If Quaresma is indeed Fernando de Noronha, then it is not known who discovered it. One proposal is that it was discovered by a royal Portuguese mapping expedition that was sent out in May 1501, commanded by an unknown captain (possibly André Gonçalves) and also accompanied by Amerigo Vespucci. The 1501 mapping expedition is also known as the "Third Voyage" of Amerigo Vespucci (and his first under the Portuguese flag). Vespucci relates the account of this expedition twice – first in a letter to Lorenzo di Pierfrancesco de' Medici, written in early 1503 (see account in Letter do Medici), and then again in his letters to Piero Soderini, written 1504–05 ([account] in Letter to Soderini). In his account, Vespucci does not mention the name of the captain of this 1501 mapping expedition, and his identity has been widely speculated on. The 16th-century chronicler Gaspar Correia suggests that it was André Gonçalves (Lendas da India, p.152). Greenlee (1945) conjectures that it might be Fernão de Loronha himself (a hypothesis also suggested by Duarte Leite in 1923). However, this is strongly disputed by other authors, e.g. Roukema (1963), who argue that it would be highly unlikely for a wealthy merchant like Loronha to personally command vessels himself. Loronha's support (if any) to the mapping expedition was probably limited to financing.

According to Vespucci, this expedition returned to Lisbon in September 1502, just in time to influence the final composition of the Cantino map. However, Vespucci does not report discovering this island then, instead stating that the first time he saw the island was on the 1503 Coelho expedition.

There is a letter written by Venetian emissary Pascualigo on October 12, 1502, saying that a ship arrived "from the land of Parrots" in Lisbon on July 22, 1502 (three months before Vespucci). This could be a stray ship from the mapping expedition that returned prematurely, or another expedition altogether, about which there is no information. The timing of its reputed arrival (July 1502), makes it possible that it stumbled on the island some time in March 1502, on the homeward voyage, well within Lent.

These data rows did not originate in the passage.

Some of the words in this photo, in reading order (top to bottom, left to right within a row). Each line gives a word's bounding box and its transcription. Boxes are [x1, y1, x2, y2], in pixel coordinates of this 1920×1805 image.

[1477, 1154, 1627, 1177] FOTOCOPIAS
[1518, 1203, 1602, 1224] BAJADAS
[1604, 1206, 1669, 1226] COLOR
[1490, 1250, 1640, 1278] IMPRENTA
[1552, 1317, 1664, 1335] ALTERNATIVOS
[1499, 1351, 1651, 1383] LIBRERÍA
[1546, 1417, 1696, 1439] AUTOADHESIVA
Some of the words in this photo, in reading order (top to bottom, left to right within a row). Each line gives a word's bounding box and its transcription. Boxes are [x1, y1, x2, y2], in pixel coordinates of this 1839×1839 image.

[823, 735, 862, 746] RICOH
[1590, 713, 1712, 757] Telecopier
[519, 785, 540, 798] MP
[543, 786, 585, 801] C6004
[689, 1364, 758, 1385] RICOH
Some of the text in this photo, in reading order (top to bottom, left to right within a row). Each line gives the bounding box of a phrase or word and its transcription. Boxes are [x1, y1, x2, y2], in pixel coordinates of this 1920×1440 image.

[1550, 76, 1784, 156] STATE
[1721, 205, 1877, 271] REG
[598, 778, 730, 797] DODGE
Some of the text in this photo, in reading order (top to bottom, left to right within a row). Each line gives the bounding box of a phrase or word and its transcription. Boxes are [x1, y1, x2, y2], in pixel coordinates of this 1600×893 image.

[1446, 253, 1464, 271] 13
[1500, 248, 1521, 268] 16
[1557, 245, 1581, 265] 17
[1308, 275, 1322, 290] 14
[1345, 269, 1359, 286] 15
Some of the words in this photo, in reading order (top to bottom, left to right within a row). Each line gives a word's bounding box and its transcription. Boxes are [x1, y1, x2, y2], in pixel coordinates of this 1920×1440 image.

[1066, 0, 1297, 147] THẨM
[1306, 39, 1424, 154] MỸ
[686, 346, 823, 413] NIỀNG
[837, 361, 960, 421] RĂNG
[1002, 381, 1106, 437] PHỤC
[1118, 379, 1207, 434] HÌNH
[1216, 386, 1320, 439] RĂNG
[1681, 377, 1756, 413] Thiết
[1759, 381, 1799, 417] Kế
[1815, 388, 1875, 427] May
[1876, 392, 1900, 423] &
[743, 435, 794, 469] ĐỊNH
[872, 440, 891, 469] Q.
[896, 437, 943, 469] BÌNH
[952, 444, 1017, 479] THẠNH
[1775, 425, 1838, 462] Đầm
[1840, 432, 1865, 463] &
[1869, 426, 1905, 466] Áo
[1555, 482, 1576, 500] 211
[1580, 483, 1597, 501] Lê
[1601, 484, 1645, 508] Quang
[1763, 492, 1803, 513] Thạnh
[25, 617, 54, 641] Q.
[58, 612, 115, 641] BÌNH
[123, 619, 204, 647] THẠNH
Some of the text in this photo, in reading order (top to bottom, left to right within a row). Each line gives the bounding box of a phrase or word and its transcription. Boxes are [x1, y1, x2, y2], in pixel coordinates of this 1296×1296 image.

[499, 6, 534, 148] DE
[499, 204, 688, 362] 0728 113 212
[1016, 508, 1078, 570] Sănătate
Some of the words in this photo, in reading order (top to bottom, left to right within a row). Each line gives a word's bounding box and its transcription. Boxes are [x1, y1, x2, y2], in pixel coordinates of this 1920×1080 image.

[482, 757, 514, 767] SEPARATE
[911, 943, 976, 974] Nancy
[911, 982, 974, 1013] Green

A third theory is that the island had already been discovered in 1500, shortly after the discovery of Brazil by the Second India Armada under Pedro Álvares Cabral. After his brief landfall at Porto Seguro, Cabral dispatched a supply ship under either Gaspar de Lemos or André Gonçalves (sources conflict) back to Lisbon, to report the discovery. This returning supply ship would have returned north along the Brazilian coast and might have come across Fernando de Noronha island, and reported its existence in Lisbon by July 1500. However, this contradicts the Quaresma name, since the returning supply ship was sailing well after Lent.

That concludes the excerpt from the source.